§ **Work item**
Retype the records in full, and please keep the pictures out of the copy.

[Dataset items]

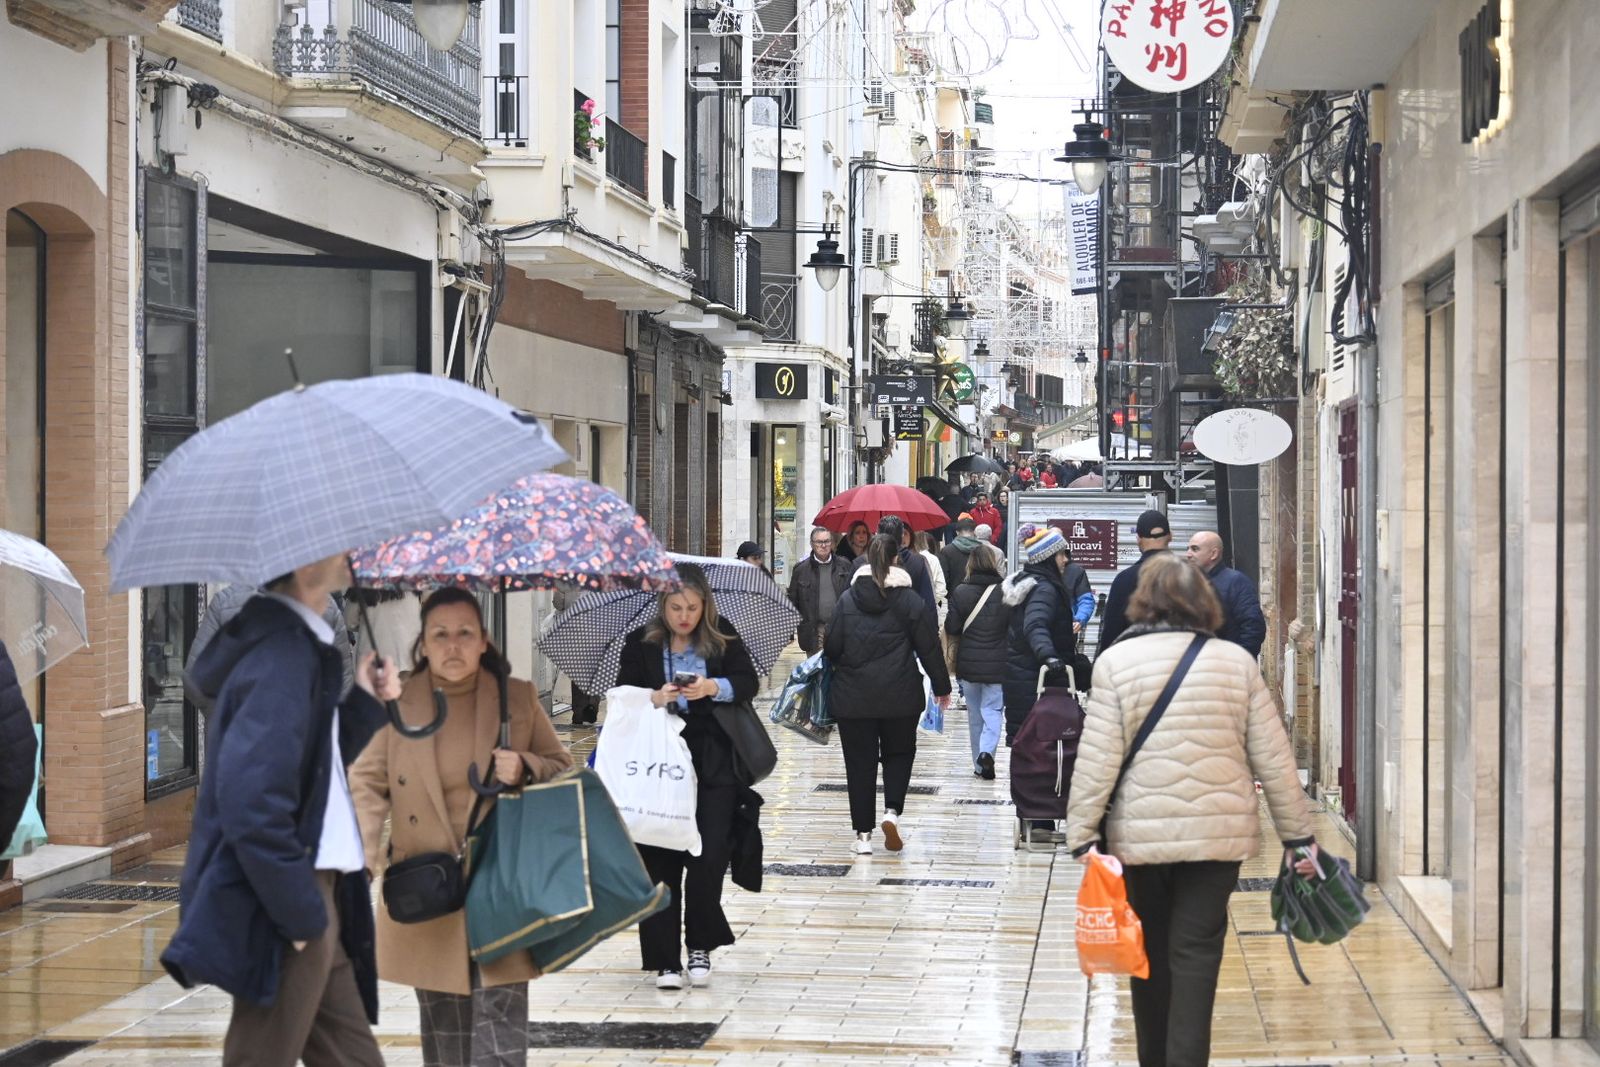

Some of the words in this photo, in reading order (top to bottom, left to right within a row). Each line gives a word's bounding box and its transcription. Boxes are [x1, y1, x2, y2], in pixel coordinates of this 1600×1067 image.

[1107, 0, 1135, 38] PA
[1071, 202, 1085, 216] DE
[1073, 219, 1089, 271] ALQUILER
[1085, 200, 1099, 269] ANDAMIOS

§ **Answer below**
Some of the words in this photo, in reading order (top to bottom, left to right within a row). Each line gives a word's bounding box and its transcription. Boxes are [x1, y1, x2, y2], in pixel coordinates of this 1600×1067 image.

[1107, 0, 1135, 38] PA
[1071, 202, 1085, 216] DE
[1073, 219, 1089, 271] ALQUILER
[1085, 200, 1099, 269] ANDAMIOS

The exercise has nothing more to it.